Authenticating the devices consumers are using as well as their personal information and payment details is not a new concept, but putting it into practice successfully requires finesse. Most fast-casual restaurants have made the jump to mobile ordering, offering it through their own apps or third-party aggregators, such as DoorDash and Uber Eats. This has made the battle for consumers’ first orders competitive. Enticing customers to register accounts or create loyalty profiles — at which point the brand can begin to treat their mobile devices as part of the authentication process — is even harder. Jersey Mike’s increased its focus on its loyalty program at the start of the pandemic to help create more engagement on mobile, Scherer said.

“Our online ordering has doubled in the last year, partially because of the pandemic and partially because we really pushed our mobile app prior to the pandemic,” he said. “We used incentives with our loyalty program to convert a lot more people to mobile.”

Among the promotions the brand is launching to boost app usership is an extension of its Month of Giving, a charity event the chain holds every March. Events such as these may be particularly appealing to millennials, 74 percent of whom have donated to charity since the start of the pandemic. This demographic also favors online and mobile order-ahead, with 41 percent of this generation ordering from QSRs or full-service restaurants at least twice a week. The company has offered other discounts and deals that it has actually seen sway customers toward mobile.

“Early in the pandemic, we did 50 percent off your entire ticket, but only through the app,” Scherer explained. “So, that gave the customers a nice break financially, and it also gave them the ability to download and try our app … rather than picking up the phone and calling or going to the website or going into a store. … At first we thought maybe those customers are going to come for that 50 percent … and then drop off, but we did not see a significant drop-off. I think they appreciated the discount, but also they changed [ordering] habits because of the ease of use of the mobile app.”

Authenticating the mobile devices of newly engaged digital diners will block only certain types of fraud on these platforms, however. The method may be effective at preventing chargebacks, for example, but these are not the only schemes bad actors are using to skim money and data from restaurants and their customers. The biggest form of fraud the chain has seen over the course of the pandemic is credential stuffing, in which fraudsters make use of bots or AI to spam platforms with emails and passwords previously stolen from large-scale data breaches. This is where implementing advanced learning technologies could come into greater play.
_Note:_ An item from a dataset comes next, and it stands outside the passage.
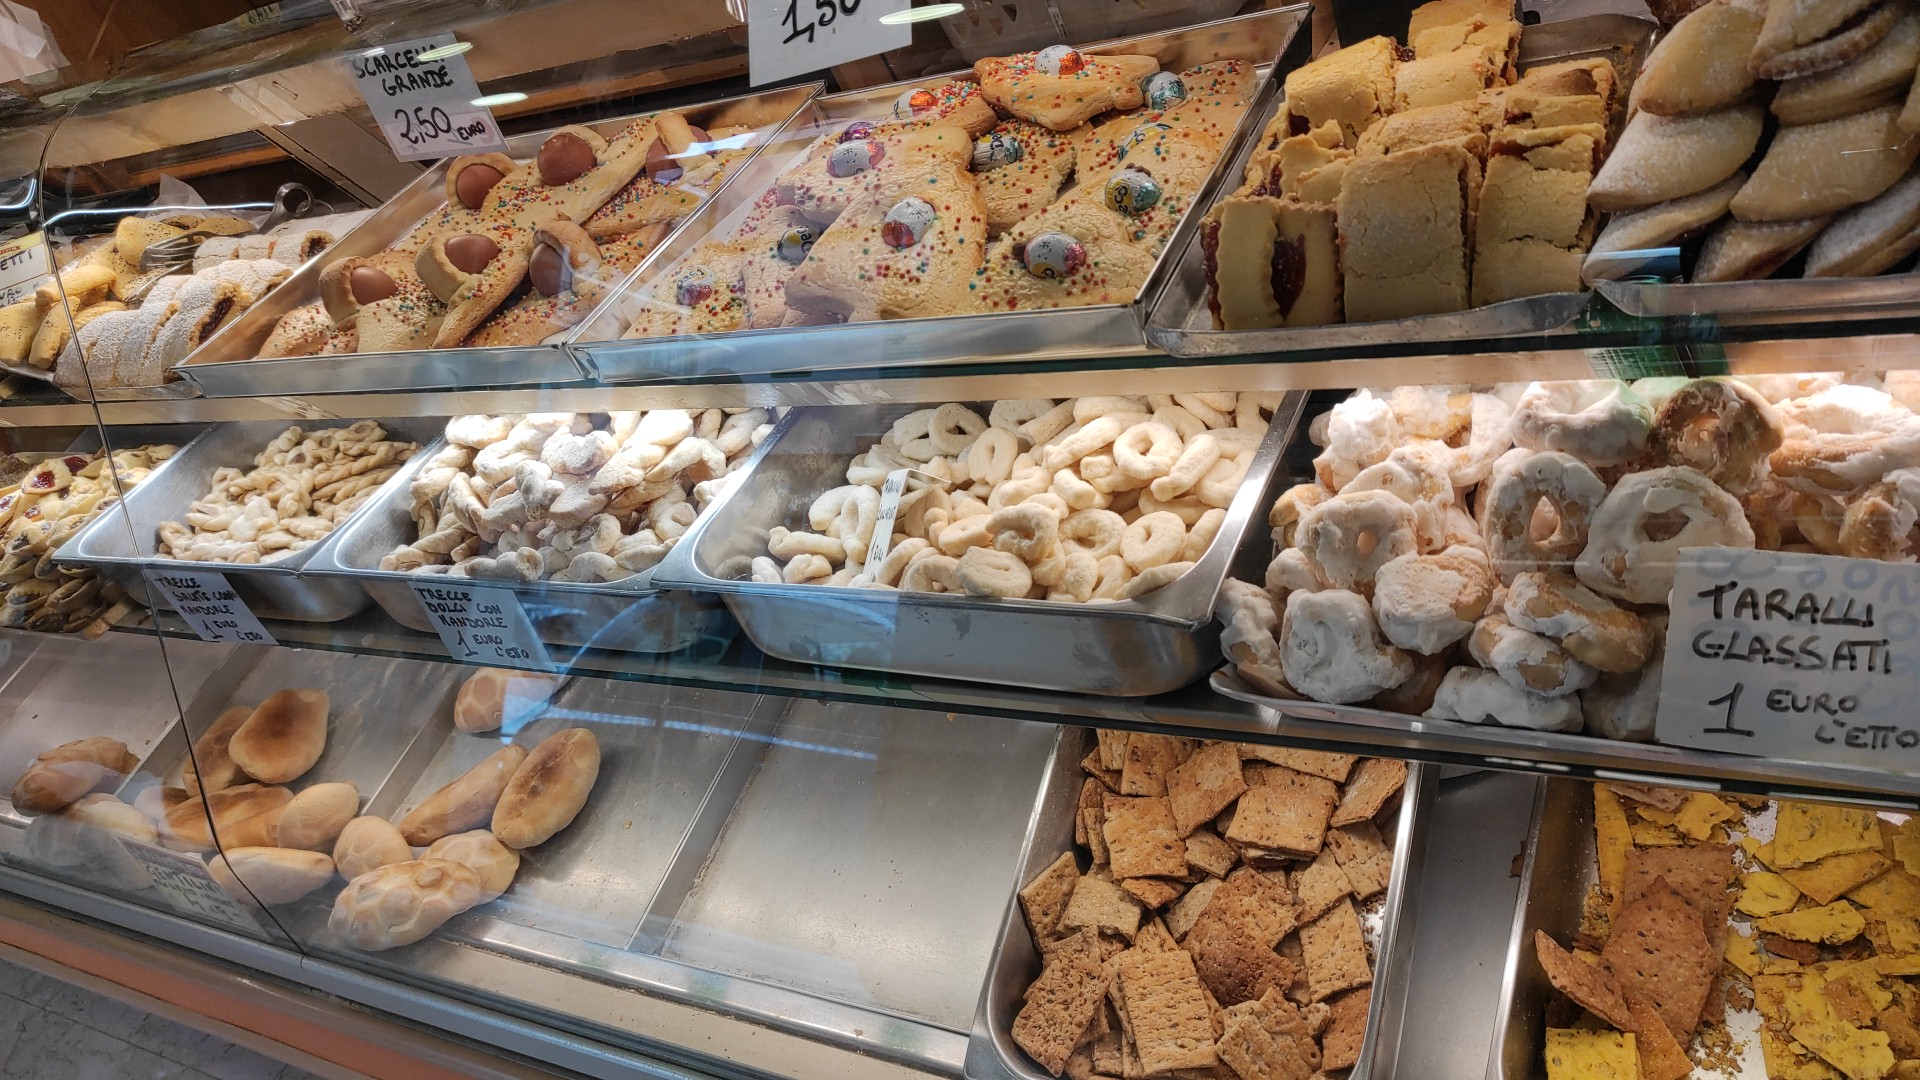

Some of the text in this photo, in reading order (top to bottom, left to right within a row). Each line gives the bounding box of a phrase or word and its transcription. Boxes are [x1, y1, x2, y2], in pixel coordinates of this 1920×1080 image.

How AI can invisibly provide mobile security backup

AI can be used to fight fraud that originates outside of mobile platforms, such as credential stuffing or other synthetic identity scams. The chain already utilizes this technology through a third-party authentication provider to help it ward off these schemes, Scherer said. It is also seeking to expand its use of the technology over the next two years to aid customer service and phone orders as well as boost security.

“We do have some back-end processes right now that use AI to help [with] fraud detection on credit cards,” he said. “It looks at [things] like, ‘This person is in Florida, but this credit card was used in three different states in the last 20
minutes, so that is impossible.’”

Leveraging AI in this manner can help determine customers’ identities invisibly, meaning it has much wider fraud protection applications than other emerging tools. Finding ways to intercept a growing variety of fraud attacks is going to become critical for fast casual chains as diners continue to reach for their phones first. AI and ML could be key to successfully and securely driving customer engagement and orders as the restaurant industry adjusts to new realities.